*ACTION ITEM*: With every picture left out, restate the listing below exactly as written.

*EXTRACTED DATA*:
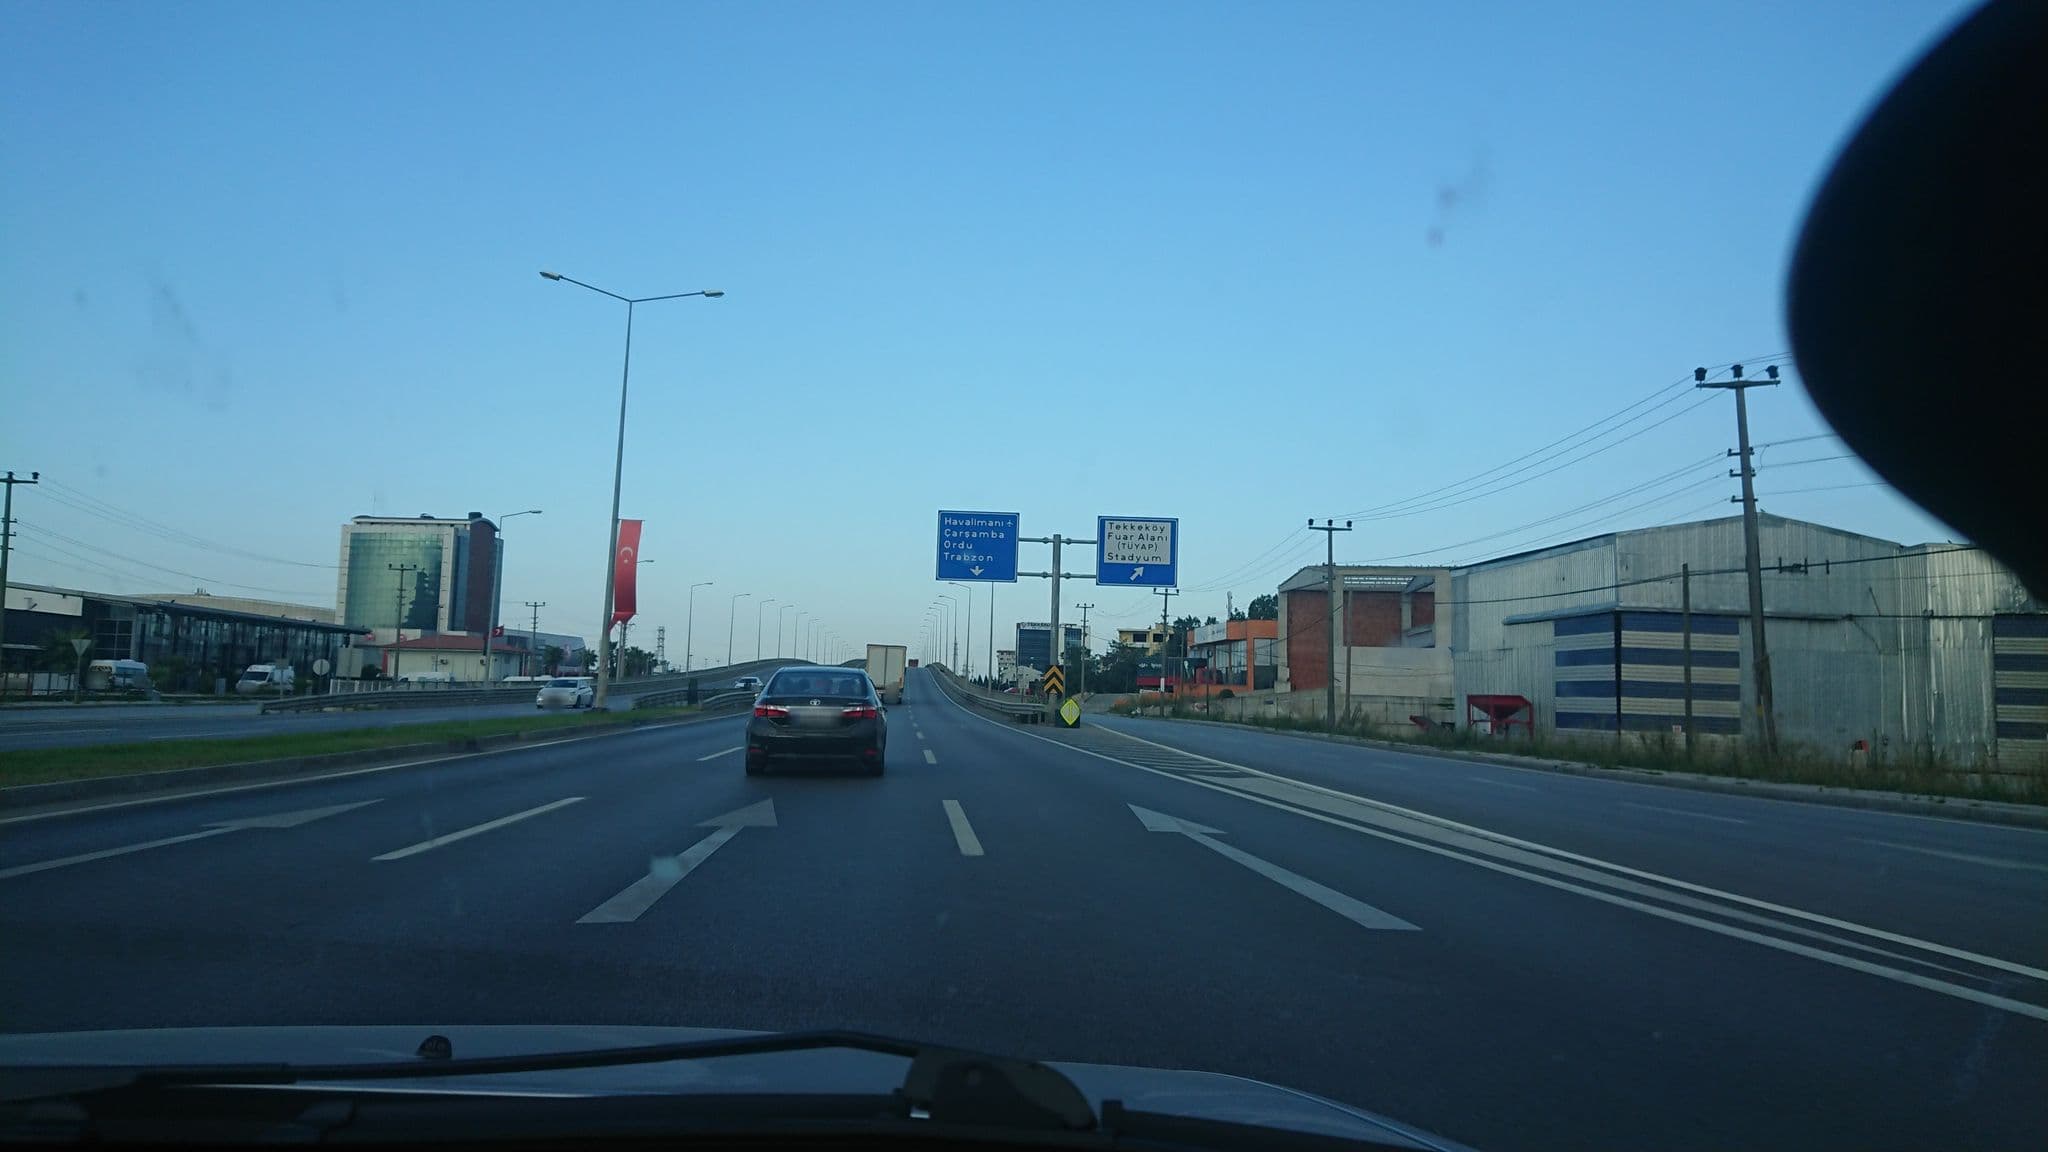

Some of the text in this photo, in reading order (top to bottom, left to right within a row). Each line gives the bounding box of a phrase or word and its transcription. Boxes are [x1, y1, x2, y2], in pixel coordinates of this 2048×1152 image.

[944, 528, 1004, 539] Çarşamba
[1107, 532, 1168, 542] Fuar Alanı
[943, 540, 973, 549] Ordu
[943, 552, 993, 562] Trabzon
[1107, 552, 1161, 563] Stadyum
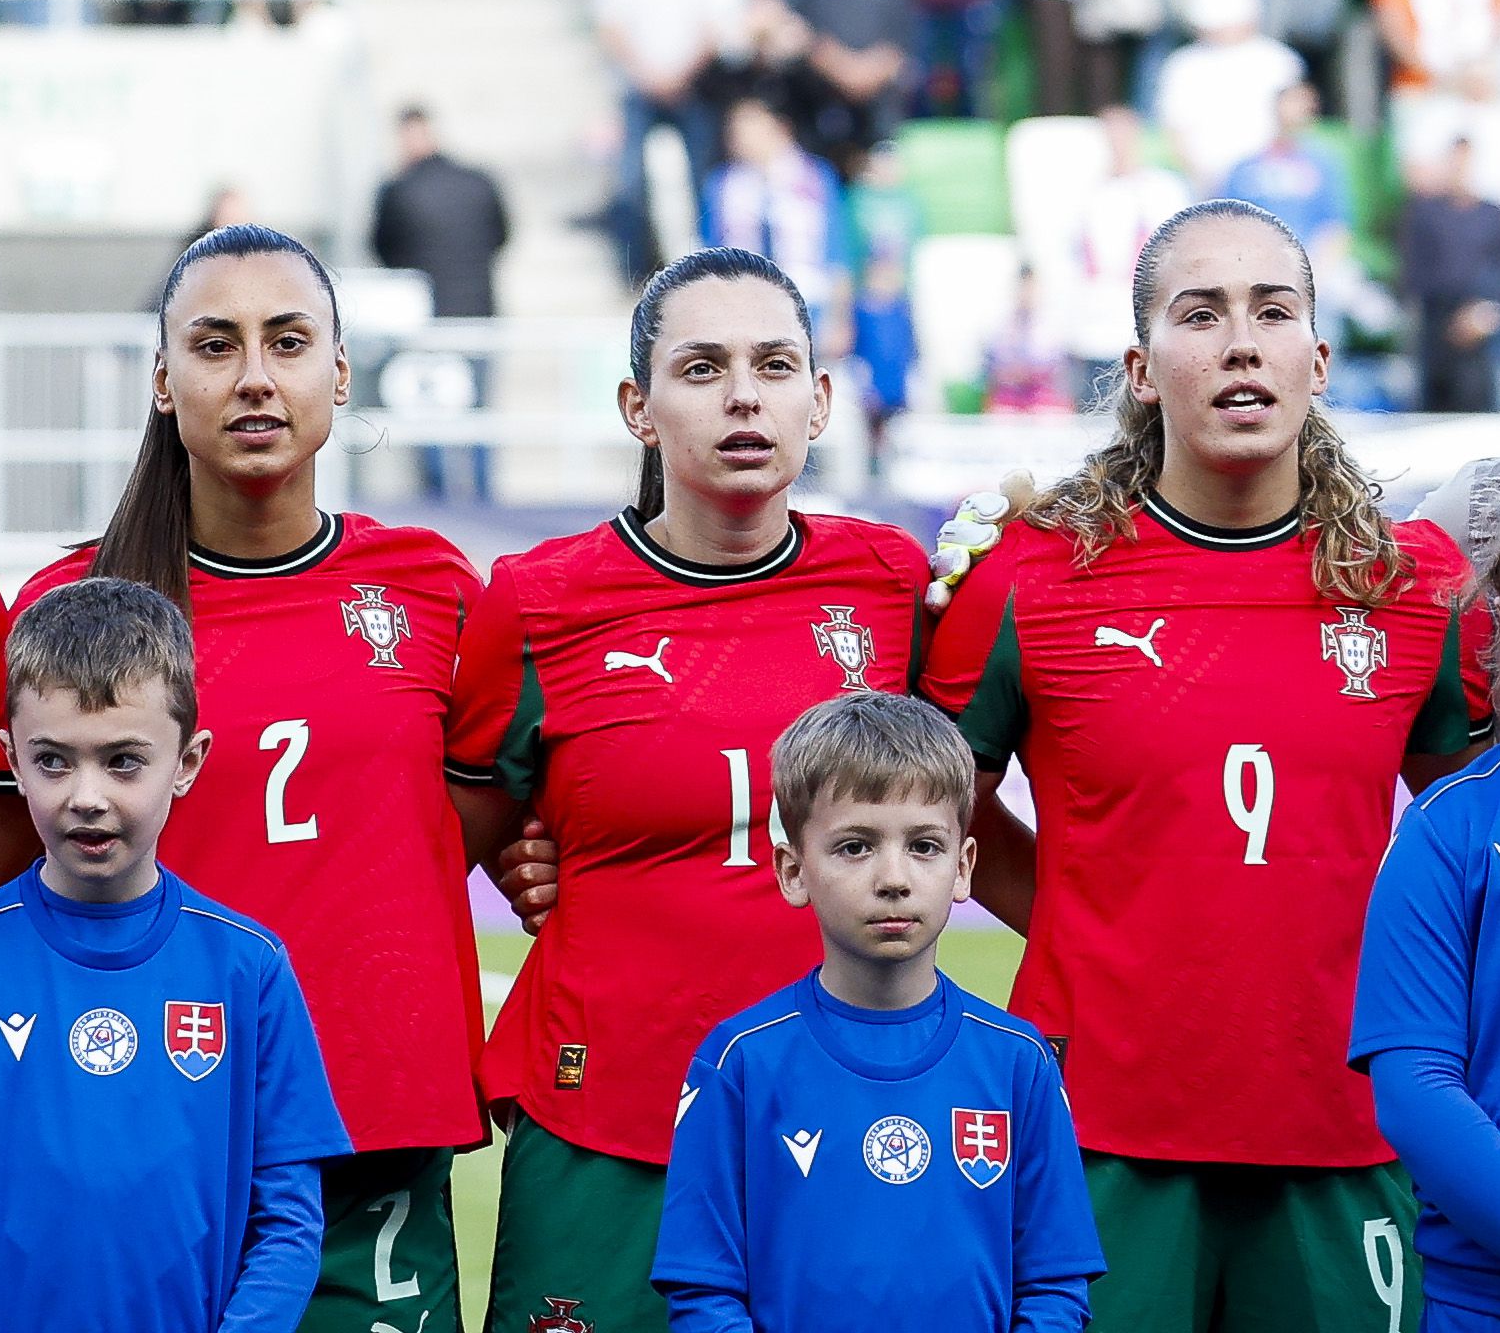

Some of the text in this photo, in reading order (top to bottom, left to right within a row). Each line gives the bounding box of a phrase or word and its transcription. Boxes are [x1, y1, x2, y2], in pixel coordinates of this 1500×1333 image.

[259, 718, 318, 844] 2
[1223, 744, 1274, 865] 9
[367, 1191, 421, 1302] 2
[1362, 1217, 1404, 1333] 9
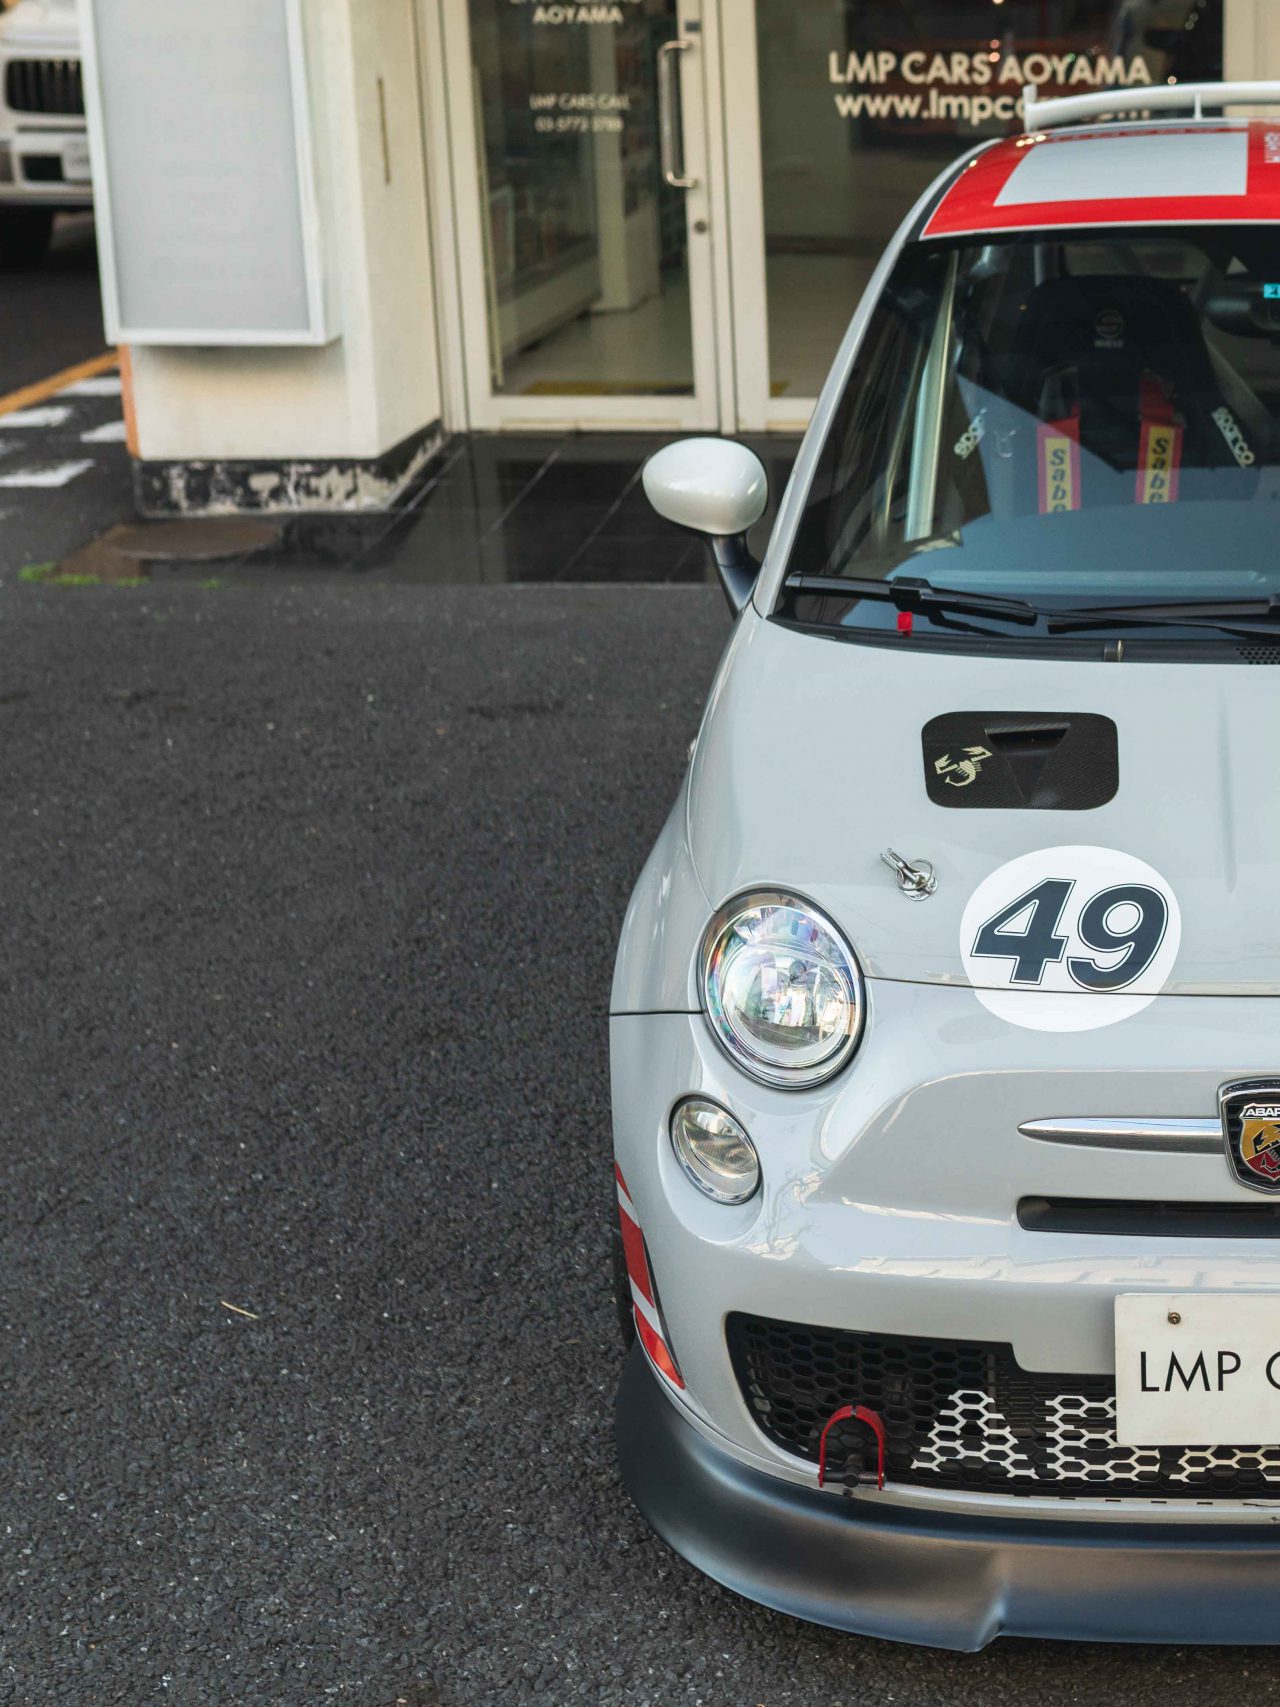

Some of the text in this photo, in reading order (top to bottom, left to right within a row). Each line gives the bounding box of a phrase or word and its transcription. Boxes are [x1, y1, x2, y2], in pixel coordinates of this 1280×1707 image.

*SOLUTION TO THE EXERCISE*:
Some of the text in this photo, in reading order (top to bottom, left to right within a row). Each line gives the bounding box of a phrase or word and its transcription. Boxes are [x1, y1, x2, y2], in pixel coordinates of this 2048×1152 image.

[944, 528, 1004, 539] Çarşamba
[1107, 532, 1168, 542] Fuar Alanı
[943, 540, 973, 549] Ordu
[943, 552, 993, 562] Trabzon
[1107, 552, 1161, 563] Stadyum

Some of the text in this photo, in reading order (top to bottom, left to right within a row). Each line gives the bounding box of a phrase or word and its transcription. Boxes are [x1, y1, x2, y2], in pixel coordinates of this 1500×1333 image.

[259, 718, 318, 844] 2
[1223, 744, 1274, 865] 9
[367, 1191, 421, 1302] 2
[1362, 1217, 1404, 1333] 9

Some of the text in this photo, in reading order (top to bottom, left to right within a row). Each line gives the bounding box of a phrase or word and its transcription. Boxes are [x1, y1, x2, y2], in pixel coordinates of this 1280×1707 image.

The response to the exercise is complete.